## Provided records
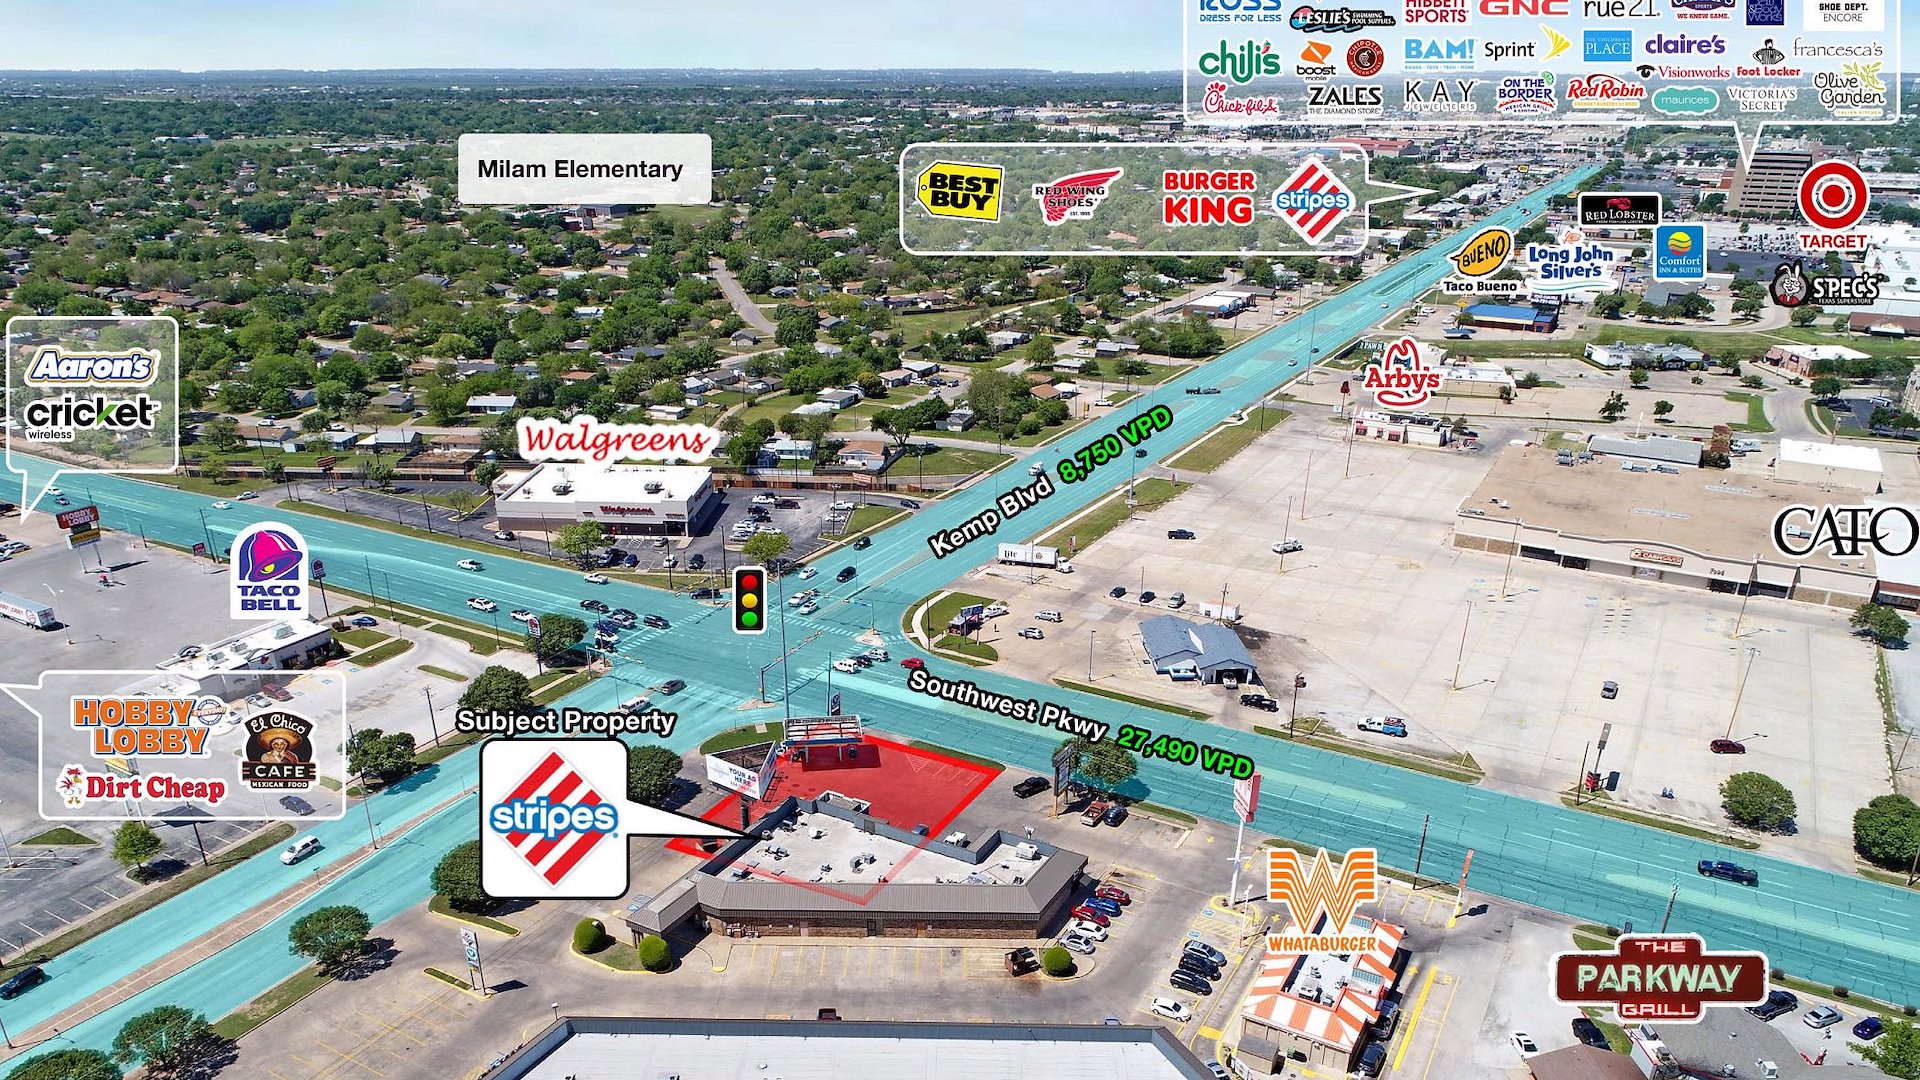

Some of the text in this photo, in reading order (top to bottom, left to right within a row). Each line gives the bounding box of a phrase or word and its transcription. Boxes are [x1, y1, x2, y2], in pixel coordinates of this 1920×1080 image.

[62, 509, 91, 521] HOBBY
[69, 513, 95, 526] LOBBY
[729, 767, 746, 778] YOUR
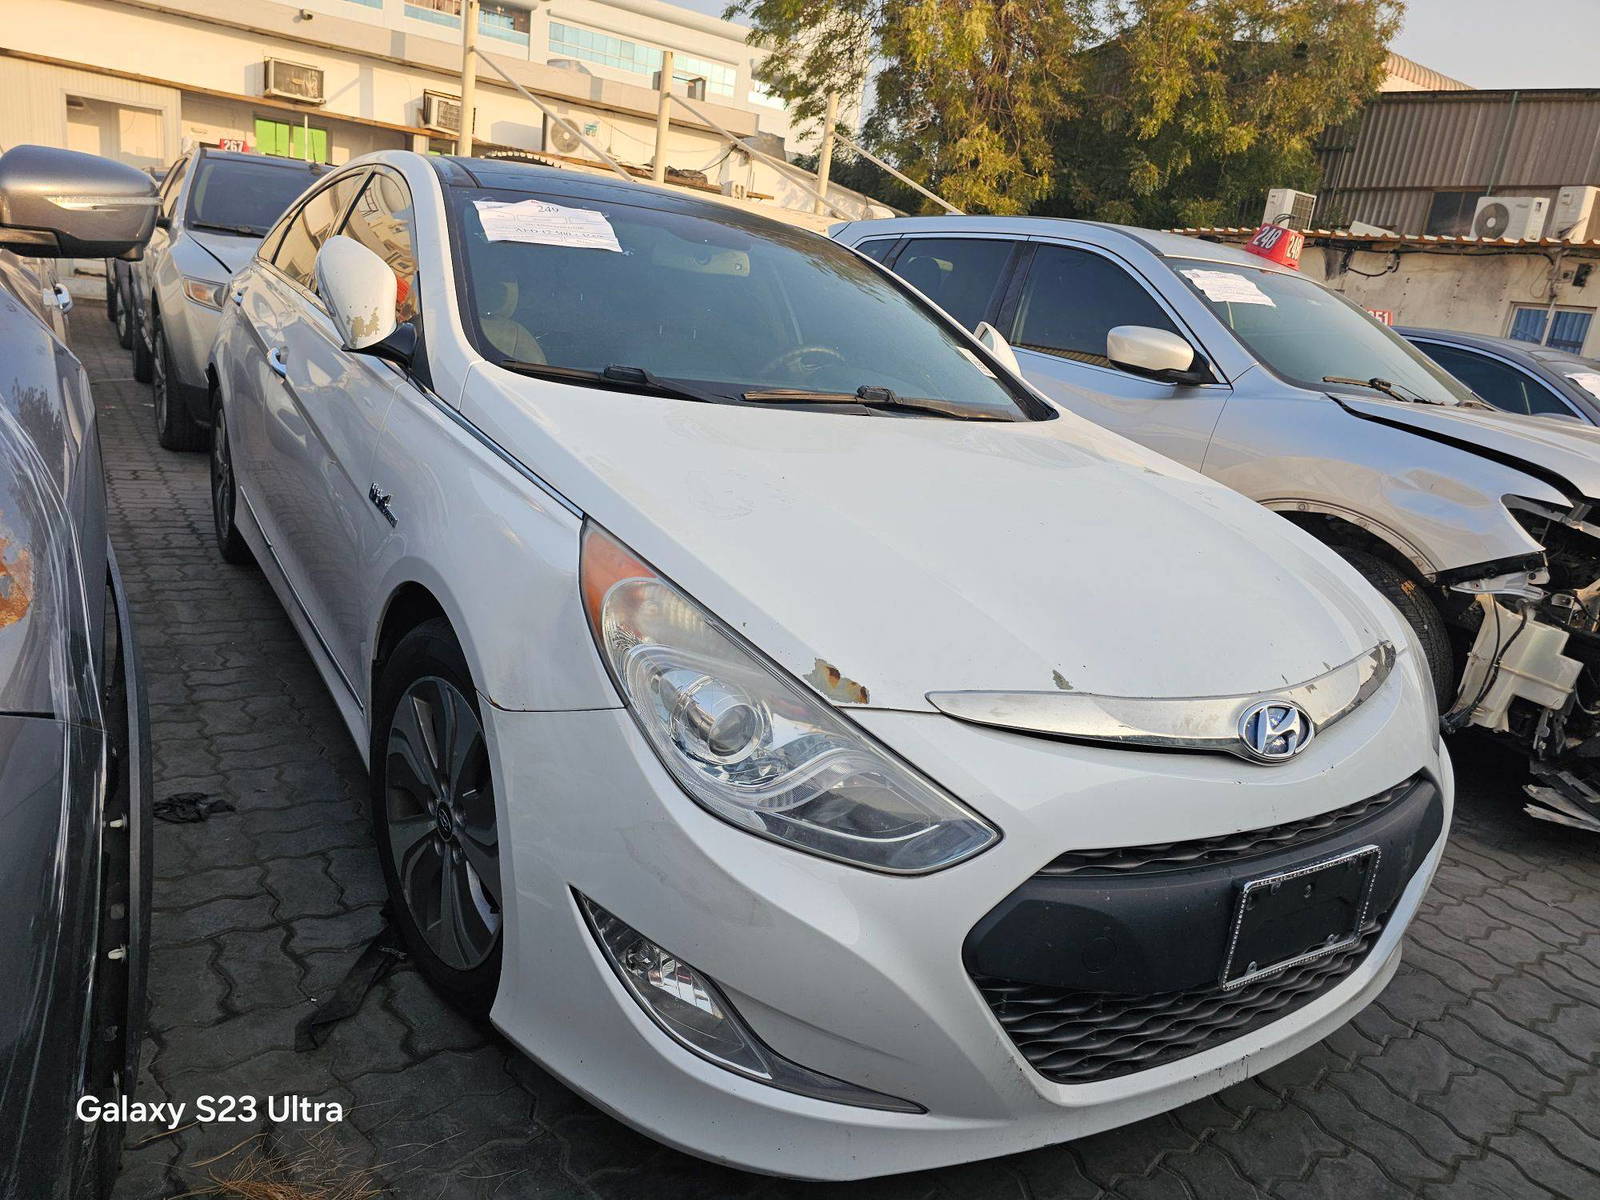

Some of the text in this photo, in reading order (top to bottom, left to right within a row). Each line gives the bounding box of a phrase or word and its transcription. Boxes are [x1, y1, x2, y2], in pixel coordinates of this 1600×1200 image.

[224, 139, 243, 152] 267
[538, 205, 560, 213] 249
[1252, 226, 1282, 249] 248
[1286, 234, 1302, 260] 248
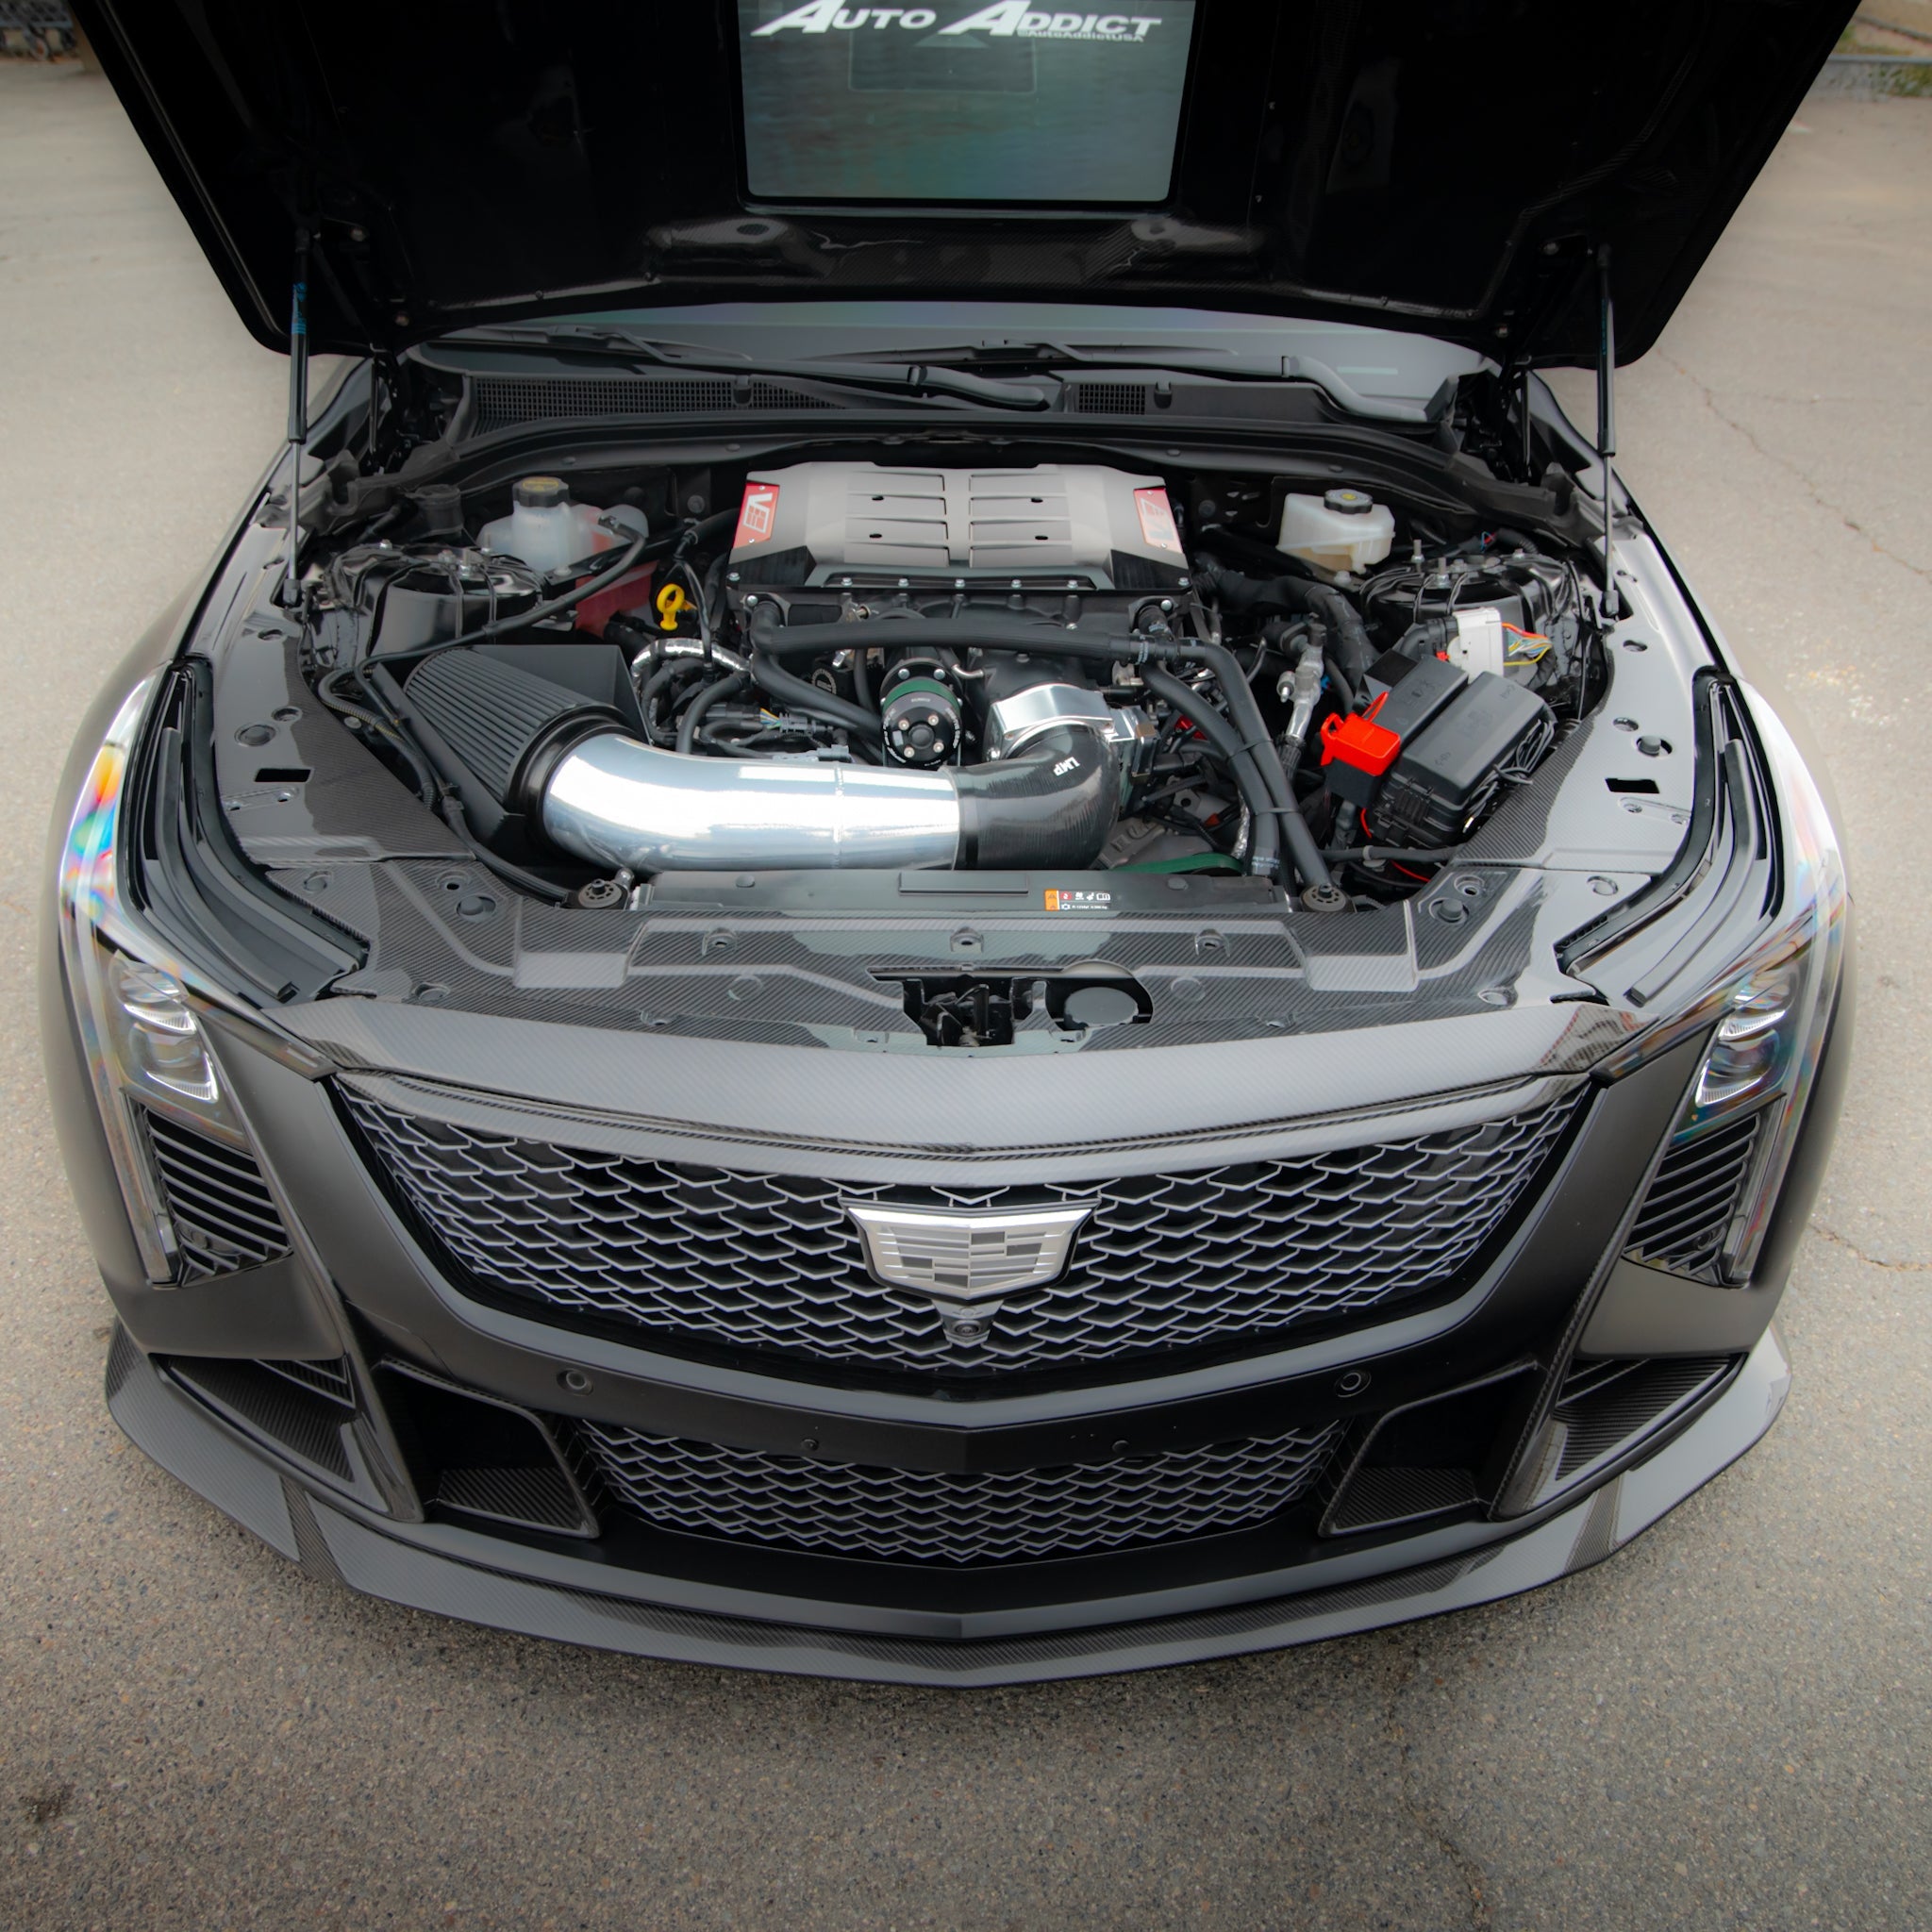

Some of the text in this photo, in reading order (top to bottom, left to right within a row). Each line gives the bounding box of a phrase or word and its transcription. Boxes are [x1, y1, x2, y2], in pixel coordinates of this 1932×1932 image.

[751, 0, 1162, 37] AUTO ADDICT
[1053, 756, 1081, 776] LMP

## Aim of the task
Please set down the whole listing above exactly and skip every picture.

## Output for this task
Some of the text in this photo, in reading order (top to bottom, left to right within a row). Each line gives the bounding box of a phrase or word and its transcription. Boxes are [x1, y1, x2, y2], in pixel coordinates of this 1920×1080 image.

[62, 509, 91, 521] HOBBY
[69, 513, 95, 526] LOBBY
[729, 767, 746, 778] YOUR

Some of the text in this photo, in reading order (top to bottom, left to right within a row). Each line gives the bounding box of a phrase or word and its transcription. Boxes are [x1, y1, x2, y2], in pixel coordinates of this 1600×1200 image.

[224, 139, 243, 152] 267
[538, 205, 560, 213] 249
[1252, 226, 1282, 249] 248
[1286, 234, 1302, 260] 248

Some of the text in this photo, in reading order (top to bottom, left to right within a row). Each line gives the bounding box of a phrase or word and its transcription. Boxes are [x1, y1, x2, y2], in pixel coordinates of this 1932×1932 image.

[751, 0, 1162, 37] AUTO ADDICT
[1053, 756, 1081, 776] LMP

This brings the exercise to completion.